The number is different depending on what you sell. Ecomm gets there faster. Lead gen takes longer. But every business has a threshold where the stakes quietly shift, and most owners don’t notice until the budget already has.

For most businesses, that number sits around $3,000 a month.

By the time you’re at that number, something has already clicked. You know ads work for your business. You’ve figured out how to close the leads or convert the traffic. You’ve decided this isn’t just a channel you’re testing, it’s going to be a pillar.

That’s a big deal. And if you got there through YouTube rabbit holes, a $97 course, or someone dependable you found on Upwork, genuinely, well done. That’s scrappiness paying off.

But that’s also exactly where DIY stops being a badge of honour and starts costing you.

Scouts vs. Settlers

When ads become a pillar, you need someone who treats it like one. That’s when you need a proper caddy. There’s a number that separates the scouts from the settlers. The settlers have decided ads are part of how they build. 

Here’s the thing people don’t realise. The error rate doesn’t go up when you increase budget. The cost of each error does. The same structural mistake that costs you $200 at $1k a month costs you $600 at $3k. Same decision, same blind spot, just more zeros behind it.

And when that $600 isn’t producing, it becomes hard to justify pushing the budget further. Which means the real cost isn’t just what’s being wasted. It’s the scale you never reached because the numbers never made a convincing enough case to go bigger.

The real cost isn’t what’s being wasted. It’s the scale you never reached because the numbers never made a convincing enough case to go bigger.

 

Jeremy Yang

Founder, Digital Goliath

The Caddy Analogy

The setup that got you to $3k isn’t the same setup that gets you past it.

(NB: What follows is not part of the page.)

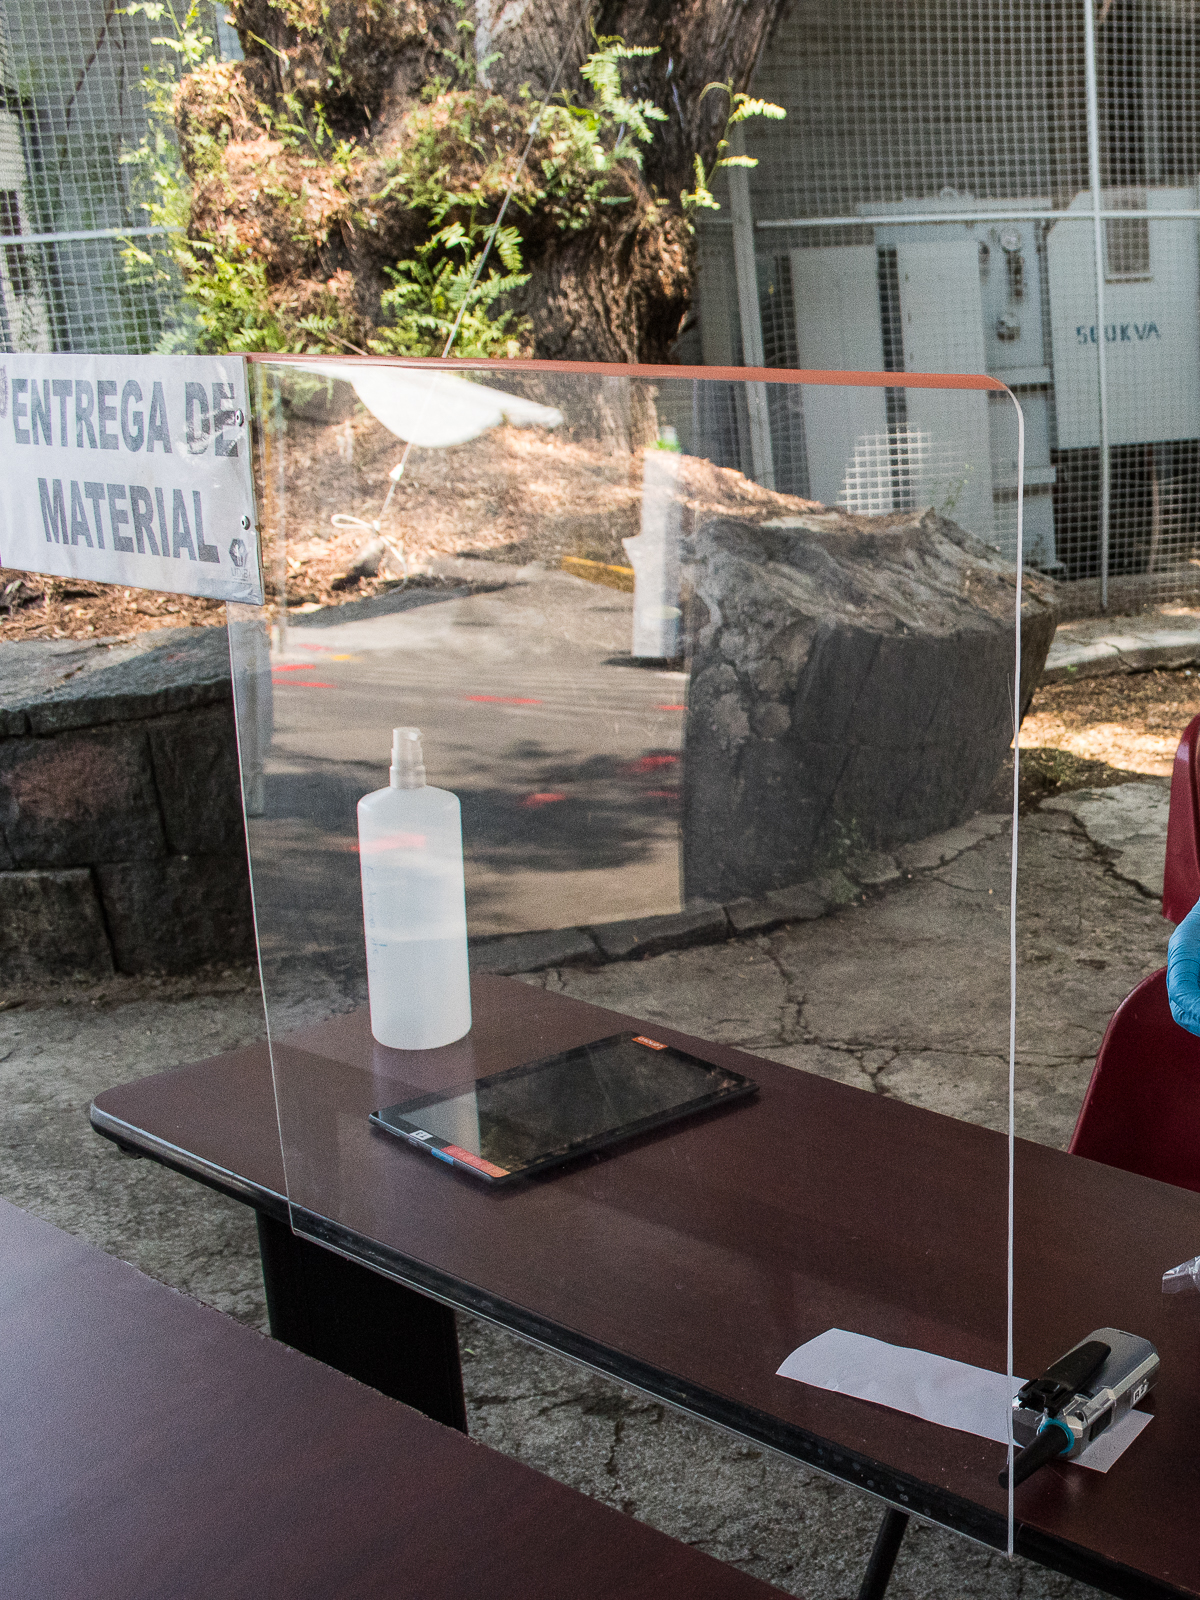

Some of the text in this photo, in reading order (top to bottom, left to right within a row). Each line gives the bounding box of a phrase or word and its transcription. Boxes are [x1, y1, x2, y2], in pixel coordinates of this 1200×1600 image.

Here’s what people also miss about the caddy analogy. The caddy isn’t just carrying the bag. They’re surveying the course. Reading the lie of the land, the wind, the trouble spots you can’t see from where you’re standing. A good ads manager does the same thing: watching the competitive landscape, the auction trends, the seasonal shifts, while you’re focused on running your business.

And the best ones bring something else entirely. They’ve seen your situation play out before. Maybe not your exact business, but your category, your market, your type of customer. That pattern recognition is what you’re actually paying for.

A good ads manager has seen your situation play out before. That pattern recognition is what you’re actually paying for.

 

Jeremy Yang

Founder, Digital Goliath

So, do you want a caddy in your corner?

Here’s the thing about a great caddy: they’re not trying to play the hole for you. They’re not looking for the spotlight. They’re happy being Robin. Reading the course, carrying the intel, and making sure when you swing, you’re swinging at the right target.

That’s not a cost. That’s how you stop bleeding budget on the same mistakes at a larger scale, and start making your ad budget work as hard as you do.